== ACTIVITY ==
From the first line to the last, please reproduce the material exactly, skipping the pictures.
****************
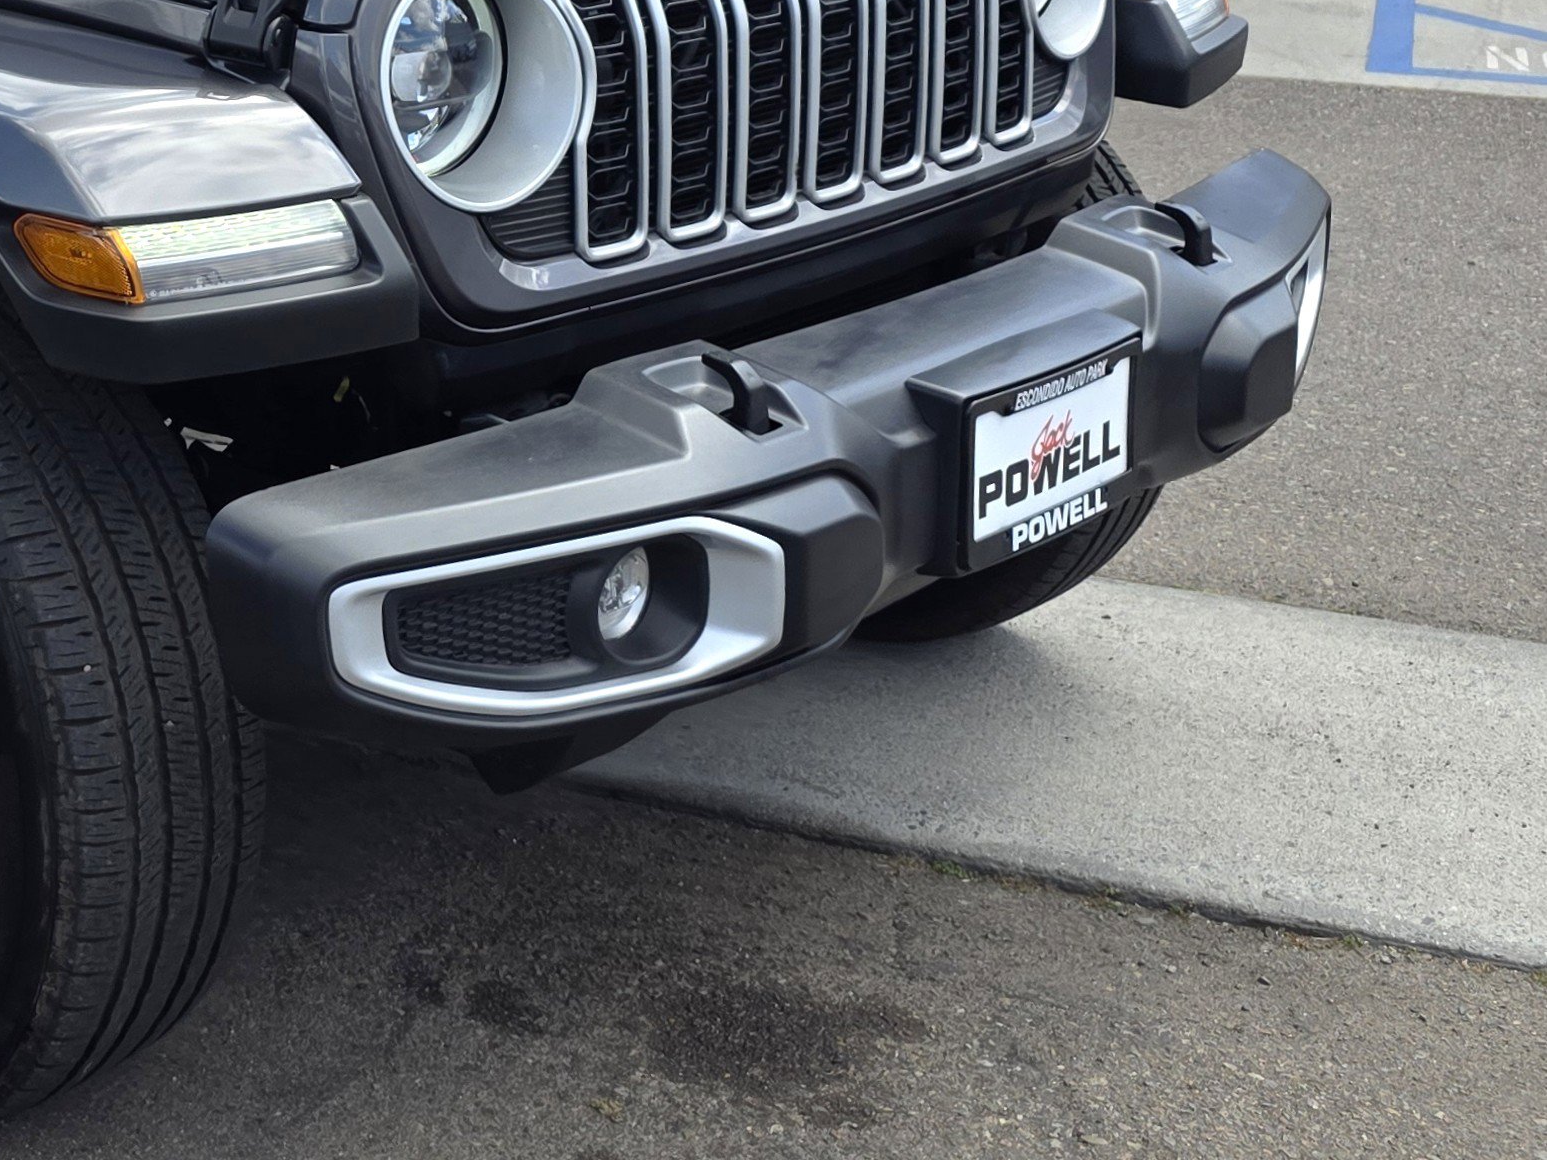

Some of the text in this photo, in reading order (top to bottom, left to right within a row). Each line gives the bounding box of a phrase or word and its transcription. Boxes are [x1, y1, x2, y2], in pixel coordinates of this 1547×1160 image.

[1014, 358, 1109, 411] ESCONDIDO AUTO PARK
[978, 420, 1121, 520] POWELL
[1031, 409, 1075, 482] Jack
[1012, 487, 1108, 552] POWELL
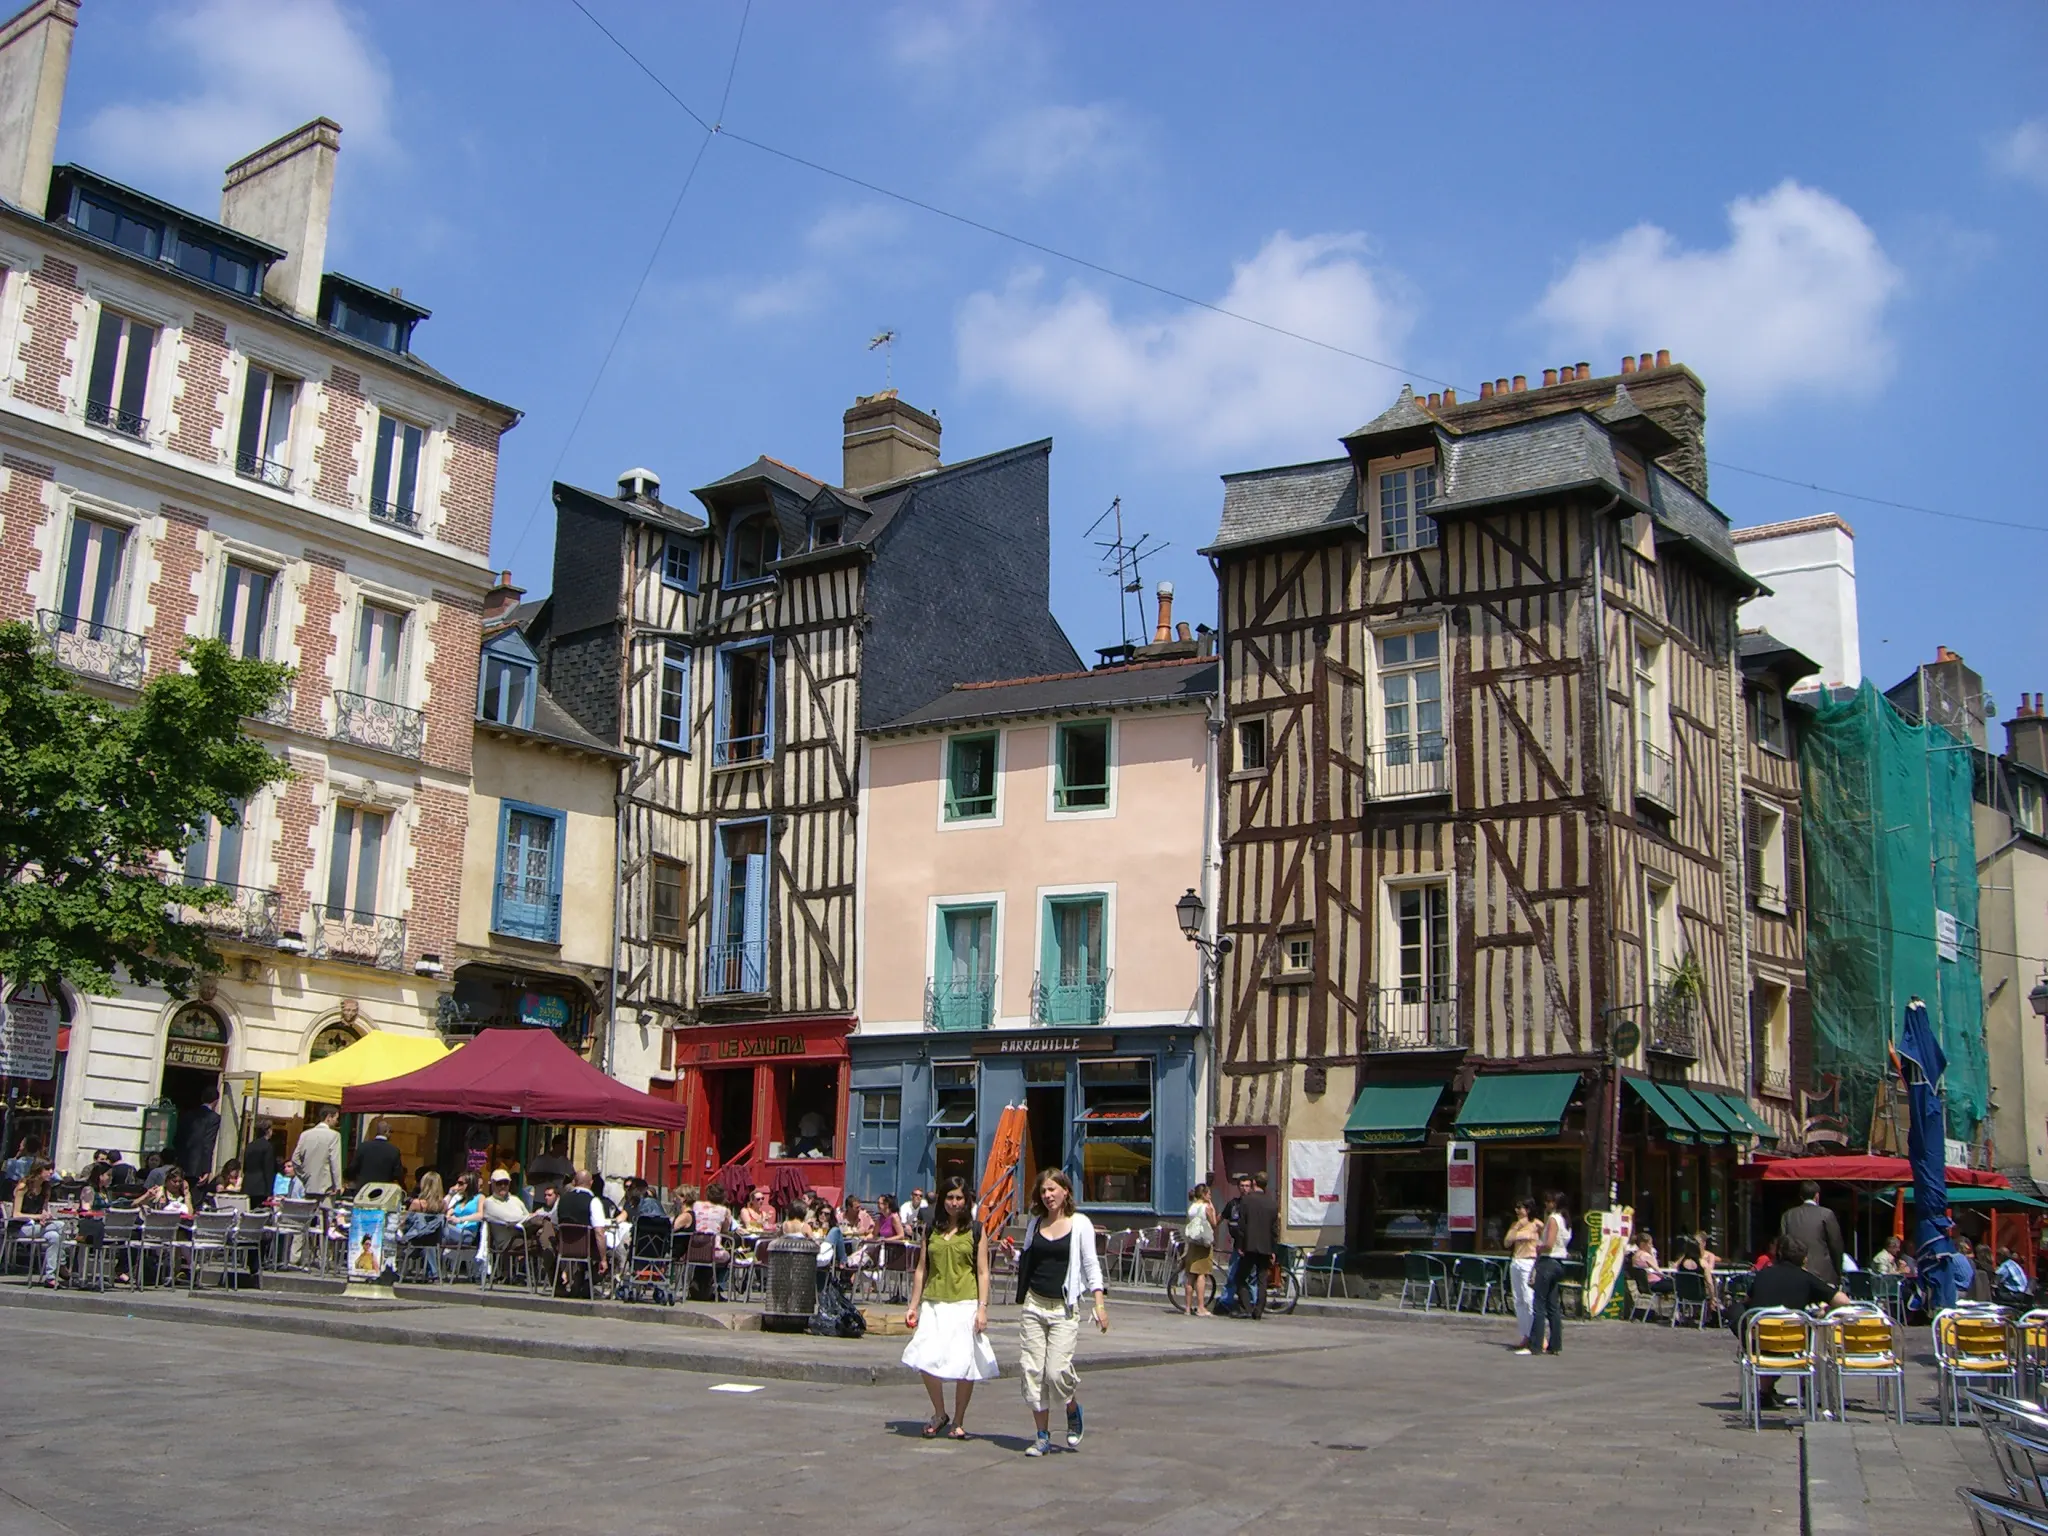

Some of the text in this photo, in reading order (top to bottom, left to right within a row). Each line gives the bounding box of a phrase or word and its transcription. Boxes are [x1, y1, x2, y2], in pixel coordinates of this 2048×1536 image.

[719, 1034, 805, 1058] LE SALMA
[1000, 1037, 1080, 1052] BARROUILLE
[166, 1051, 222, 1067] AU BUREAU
****************
== FINISHED EXERCISE ==
Some of the text in this photo, in reading order (top to bottom, left to right within a row). Each line gives the bounding box of a phrase or word and its transcription. Boxes are [x1, y1, x2, y2], in pixel coordinates of this 1547×1160 image.

[1014, 358, 1109, 411] ESCONDIDO AUTO PARK
[978, 420, 1121, 520] POWELL
[1031, 409, 1075, 482] Jack
[1012, 487, 1108, 552] POWELL

Some of the text in this photo, in reading order (top to bottom, left to right within a row). Each line gives the bounding box of a phrase or word and its transcription. Boxes are [x1, y1, x2, y2], in pixel coordinates of this 2048×1536 image.

[719, 1034, 805, 1058] LE SALMA
[1000, 1037, 1080, 1052] BARROUILLE
[166, 1051, 222, 1067] AU BUREAU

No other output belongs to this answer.